EXTRACTED MATERIAL:
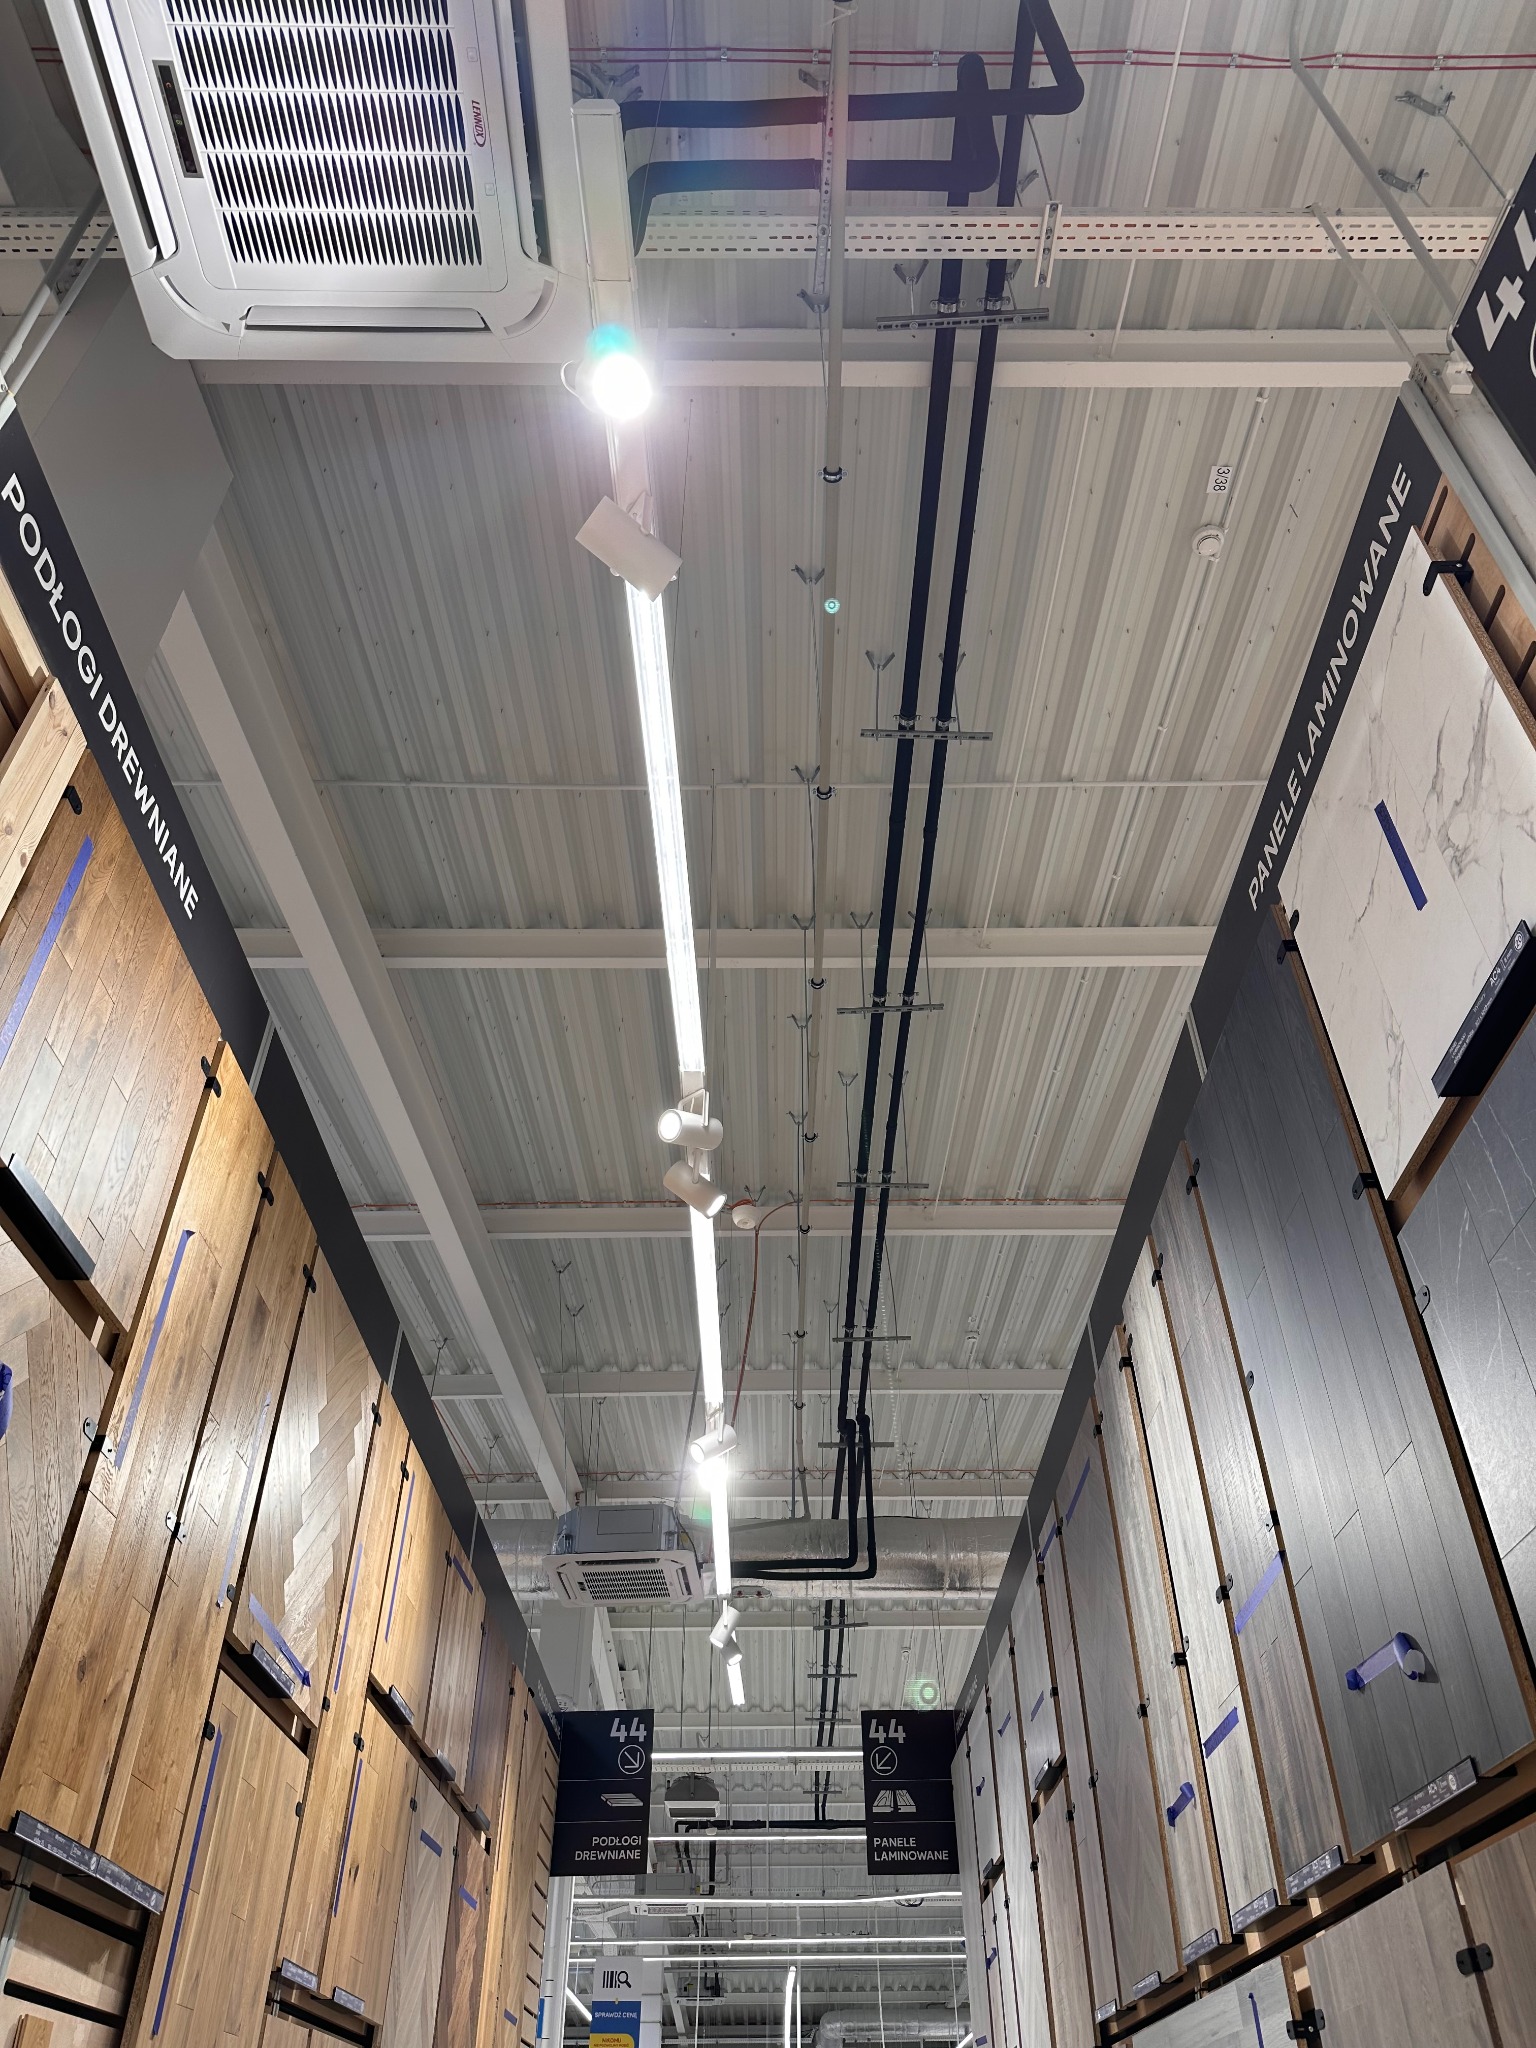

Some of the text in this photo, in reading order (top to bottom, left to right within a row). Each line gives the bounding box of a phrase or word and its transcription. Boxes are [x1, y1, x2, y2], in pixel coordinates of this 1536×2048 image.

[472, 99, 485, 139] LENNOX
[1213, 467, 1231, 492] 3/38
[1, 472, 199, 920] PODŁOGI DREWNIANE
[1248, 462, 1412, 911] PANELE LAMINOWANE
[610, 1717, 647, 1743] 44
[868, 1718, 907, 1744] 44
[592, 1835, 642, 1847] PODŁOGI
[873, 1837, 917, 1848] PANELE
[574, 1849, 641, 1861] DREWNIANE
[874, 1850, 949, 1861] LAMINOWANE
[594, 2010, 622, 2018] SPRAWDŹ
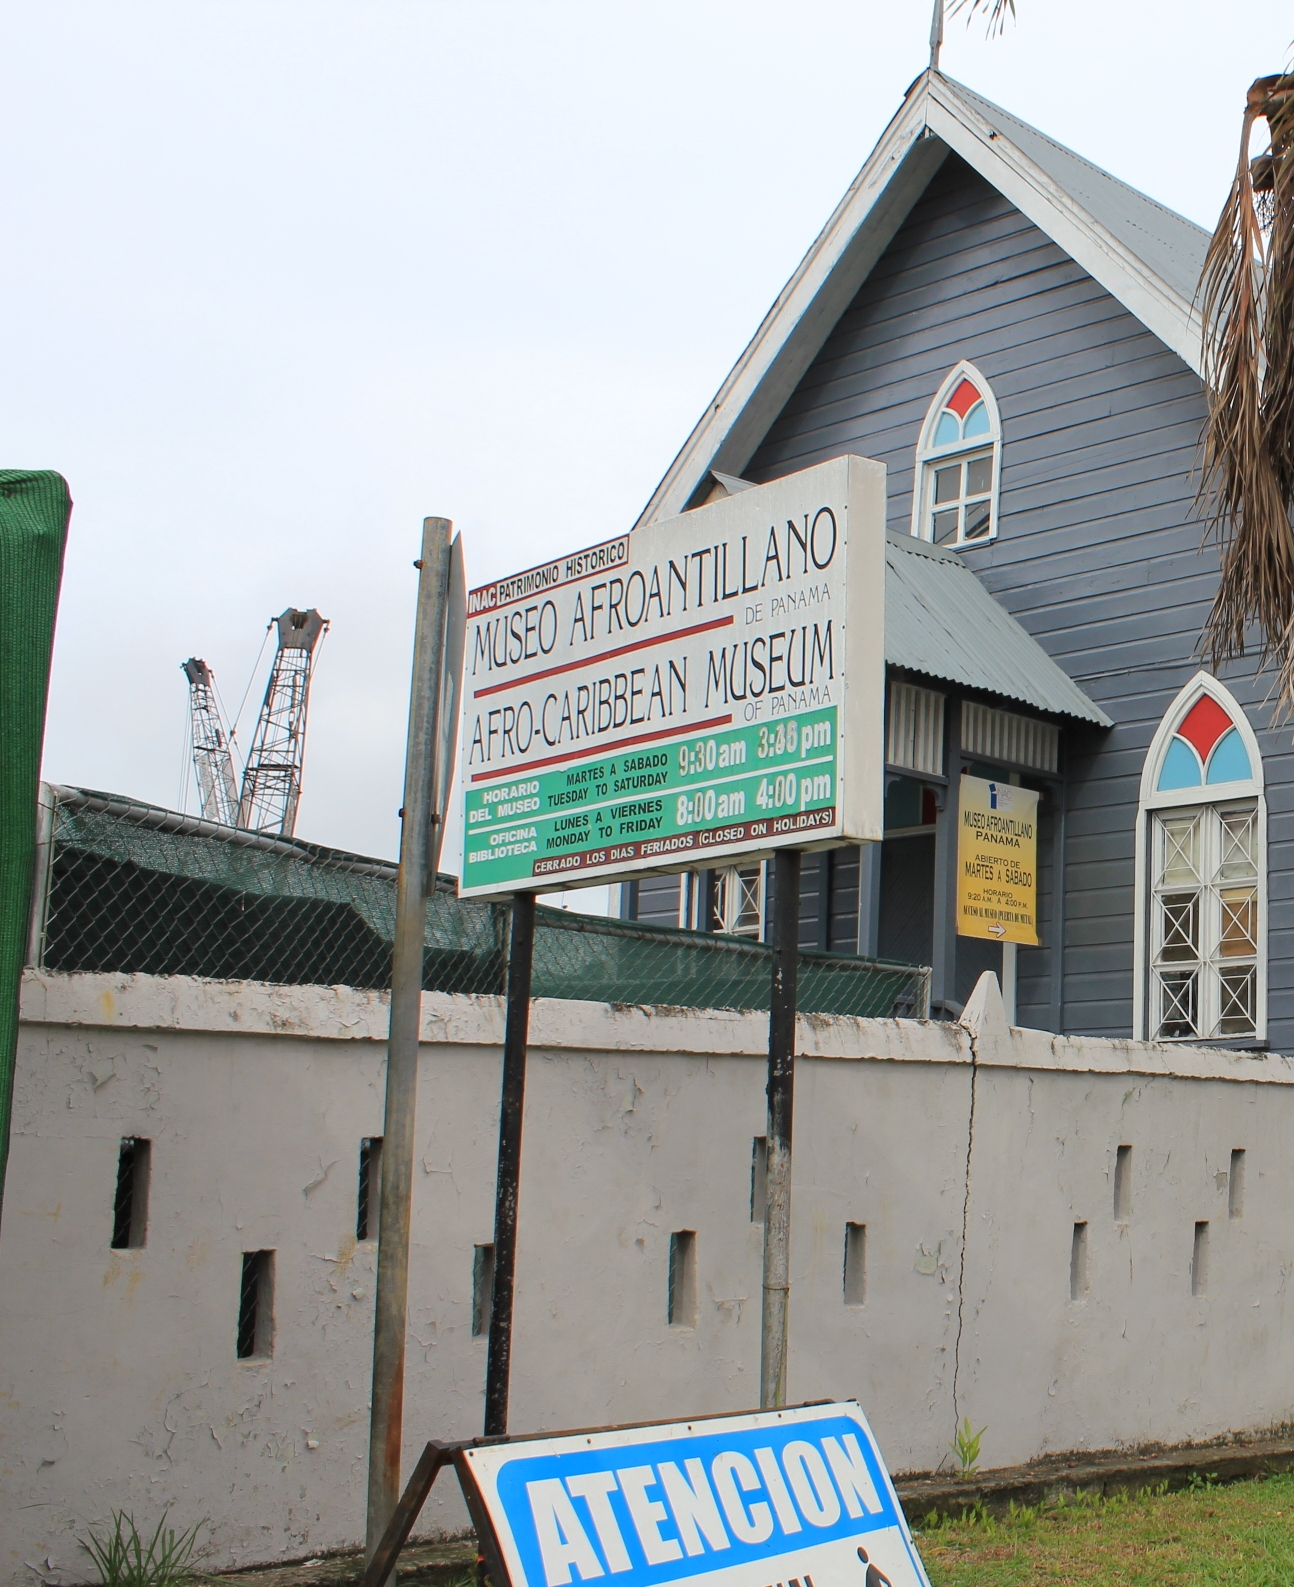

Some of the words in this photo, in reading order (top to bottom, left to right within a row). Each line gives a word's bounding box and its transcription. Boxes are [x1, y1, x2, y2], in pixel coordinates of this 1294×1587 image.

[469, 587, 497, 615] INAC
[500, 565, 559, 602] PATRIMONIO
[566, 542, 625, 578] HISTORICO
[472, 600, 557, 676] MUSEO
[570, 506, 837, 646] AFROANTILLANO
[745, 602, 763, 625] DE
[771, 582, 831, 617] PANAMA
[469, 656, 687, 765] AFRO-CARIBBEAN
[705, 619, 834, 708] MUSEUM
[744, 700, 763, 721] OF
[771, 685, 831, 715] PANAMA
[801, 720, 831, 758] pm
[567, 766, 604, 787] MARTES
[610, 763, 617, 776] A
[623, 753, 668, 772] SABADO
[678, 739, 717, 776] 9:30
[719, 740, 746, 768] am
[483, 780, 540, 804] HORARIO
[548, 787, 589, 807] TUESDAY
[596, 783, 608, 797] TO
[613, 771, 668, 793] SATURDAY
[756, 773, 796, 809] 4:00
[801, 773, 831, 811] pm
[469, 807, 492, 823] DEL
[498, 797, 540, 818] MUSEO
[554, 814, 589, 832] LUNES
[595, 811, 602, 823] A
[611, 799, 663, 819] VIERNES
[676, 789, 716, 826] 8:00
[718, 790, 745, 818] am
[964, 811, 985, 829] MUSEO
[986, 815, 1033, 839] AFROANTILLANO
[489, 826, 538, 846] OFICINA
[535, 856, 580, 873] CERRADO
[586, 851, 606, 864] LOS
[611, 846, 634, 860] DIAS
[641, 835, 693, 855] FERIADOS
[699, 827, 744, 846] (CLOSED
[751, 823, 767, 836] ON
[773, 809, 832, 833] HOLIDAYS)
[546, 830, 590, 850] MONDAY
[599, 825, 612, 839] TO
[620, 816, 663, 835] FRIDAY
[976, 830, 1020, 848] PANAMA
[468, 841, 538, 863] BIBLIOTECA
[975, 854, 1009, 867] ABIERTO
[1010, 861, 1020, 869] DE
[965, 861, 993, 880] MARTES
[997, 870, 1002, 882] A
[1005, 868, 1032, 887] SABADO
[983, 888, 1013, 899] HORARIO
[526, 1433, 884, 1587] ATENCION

DESCRIPTION OF THE TASK:
A verbatim copy of the entries, without the pictures, is what this task requires.

TASK OUTPUT:
Some of the text in this photo, in reading order (top to bottom, left to right within a row). Each line gives the bounding box of a phrase or word and its transcription. Boxes are [x1, y1, x2, y2], in pixel coordinates of this 1536×2048 image.

[472, 99, 485, 139] LENNOX
[1213, 467, 1231, 492] 3/38
[1, 472, 199, 920] PODŁOGI DREWNIANE
[1248, 462, 1412, 911] PANELE LAMINOWANE
[610, 1717, 647, 1743] 44
[868, 1718, 907, 1744] 44
[592, 1835, 642, 1847] PODŁOGI
[873, 1837, 917, 1848] PANELE
[574, 1849, 641, 1861] DREWNIANE
[874, 1850, 949, 1861] LAMINOWANE
[594, 2010, 622, 2018] SPRAWDŹ

Some of the words in this photo, in reading order (top to bottom, left to right within a row). Each line gives a word's bounding box and its transcription. Boxes are [x1, y1, x2, y2], in pixel coordinates of this 1294×1587 image.

[469, 587, 497, 615] INAC
[500, 565, 559, 602] PATRIMONIO
[566, 542, 625, 578] HISTORICO
[472, 600, 557, 676] MUSEO
[570, 506, 837, 646] AFROANTILLANO
[745, 602, 763, 625] DE
[771, 582, 831, 617] PANAMA
[469, 656, 687, 765] AFRO-CARIBBEAN
[705, 619, 834, 708] MUSEUM
[744, 700, 763, 721] OF
[771, 685, 831, 715] PANAMA
[801, 720, 831, 758] pm
[567, 766, 604, 787] MARTES
[610, 763, 617, 776] A
[623, 753, 668, 772] SABADO
[678, 739, 717, 776] 9:30
[719, 740, 746, 768] am
[483, 780, 540, 804] HORARIO
[548, 787, 589, 807] TUESDAY
[596, 783, 608, 797] TO
[613, 771, 668, 793] SATURDAY
[756, 773, 796, 809] 4:00
[801, 773, 831, 811] pm
[469, 807, 492, 823] DEL
[498, 797, 540, 818] MUSEO
[554, 814, 589, 832] LUNES
[595, 811, 602, 823] A
[611, 799, 663, 819] VIERNES
[676, 789, 716, 826] 8:00
[718, 790, 745, 818] am
[964, 811, 985, 829] MUSEO
[986, 815, 1033, 839] AFROANTILLANO
[489, 826, 538, 846] OFICINA
[535, 856, 580, 873] CERRADO
[586, 851, 606, 864] LOS
[611, 846, 634, 860] DIAS
[641, 835, 693, 855] FERIADOS
[699, 827, 744, 846] (CLOSED
[751, 823, 767, 836] ON
[773, 809, 832, 833] HOLIDAYS)
[546, 830, 590, 850] MONDAY
[599, 825, 612, 839] TO
[620, 816, 663, 835] FRIDAY
[976, 830, 1020, 848] PANAMA
[468, 841, 538, 863] BIBLIOTECA
[975, 854, 1009, 867] ABIERTO
[1010, 861, 1020, 869] DE
[965, 861, 993, 880] MARTES
[997, 870, 1002, 882] A
[1005, 868, 1032, 887] SABADO
[983, 888, 1013, 899] HORARIO
[526, 1433, 884, 1587] ATENCION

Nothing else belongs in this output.